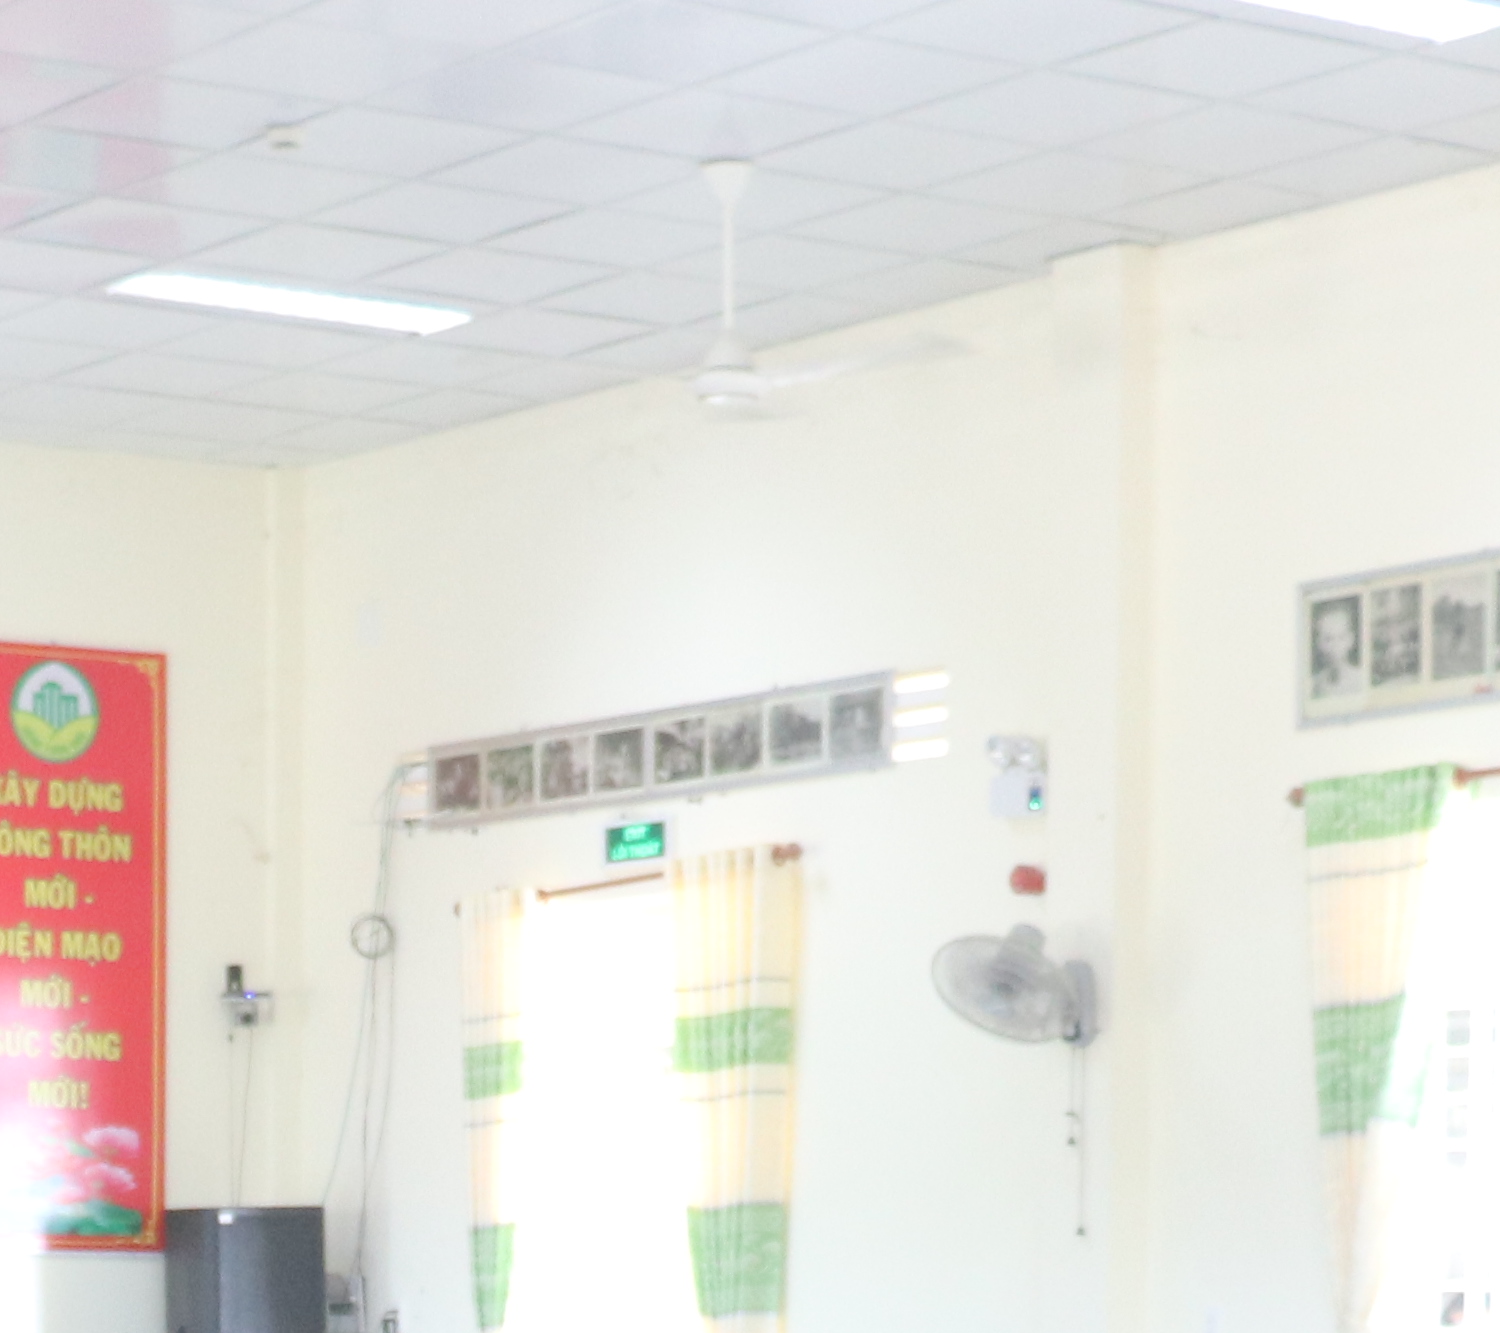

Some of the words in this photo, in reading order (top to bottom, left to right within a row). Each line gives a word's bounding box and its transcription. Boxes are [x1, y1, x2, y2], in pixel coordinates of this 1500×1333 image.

[48, 776, 124, 816] DỰNG
[58, 825, 132, 863] THÔN
[24, 873, 77, 910] MỚI
[60, 930, 122, 967] MẠO
[20, 973, 72, 1009] MỚI
[51, 1020, 122, 1061] SỐNG
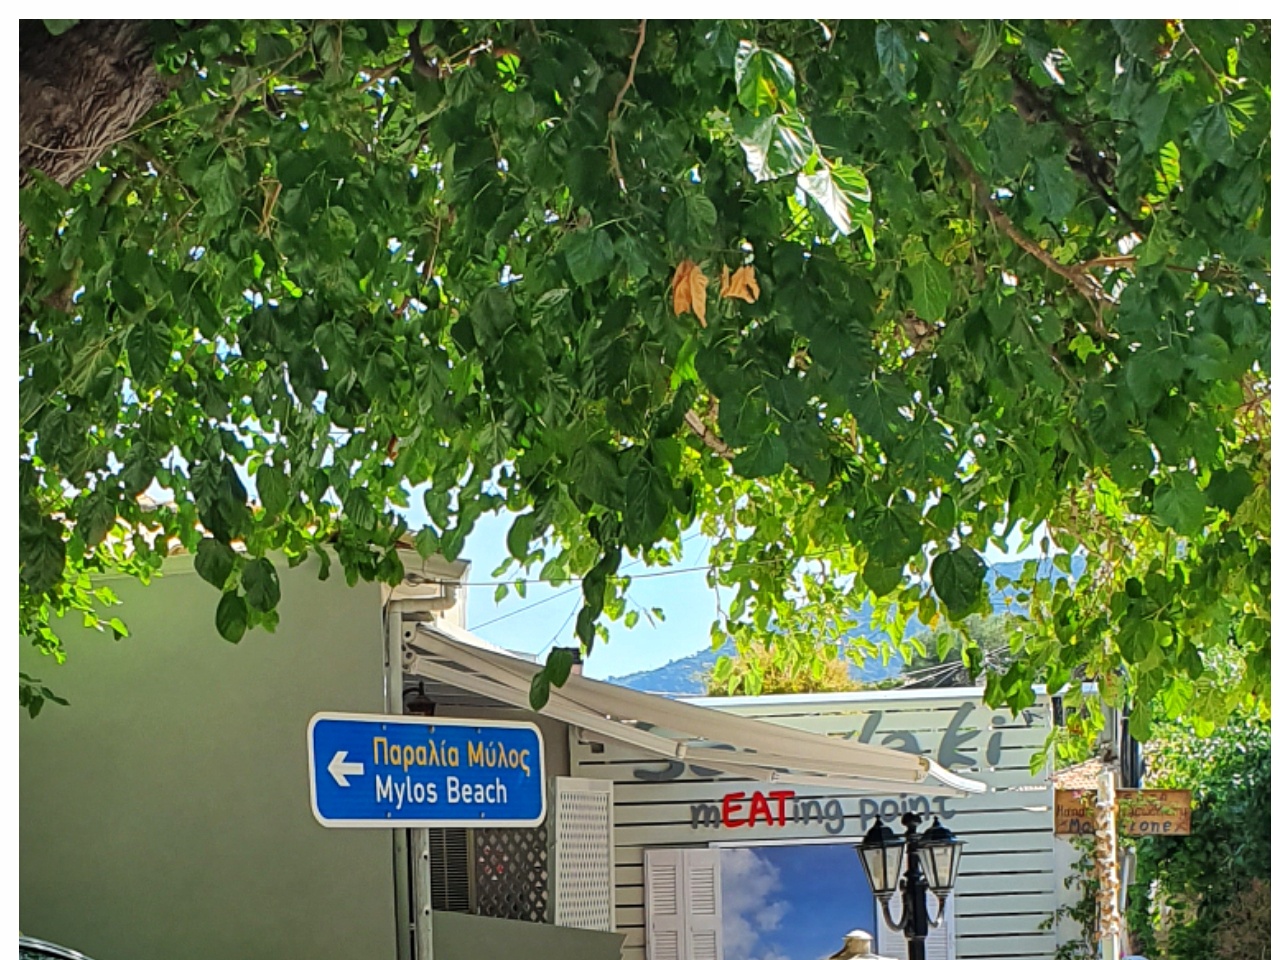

# # #

PROBLEM DESCRIPTION: Extract the full listing above verbatim; pictures are to be left out of the copy.

ANSWER SPACE:
Some of the words in this photo, in reading order (top to bottom, left to right within a row). Each line gives a word's bounding box and its transcription. Boxes are [x1, y1, x2, y2], in pixel coordinates of this 1500×1333 image.

[48, 776, 124, 816] DỰNG
[58, 825, 132, 863] THÔN
[24, 873, 77, 910] MỚI
[60, 930, 122, 967] MẠO
[20, 973, 72, 1009] MỚI
[51, 1020, 122, 1061] SỐNG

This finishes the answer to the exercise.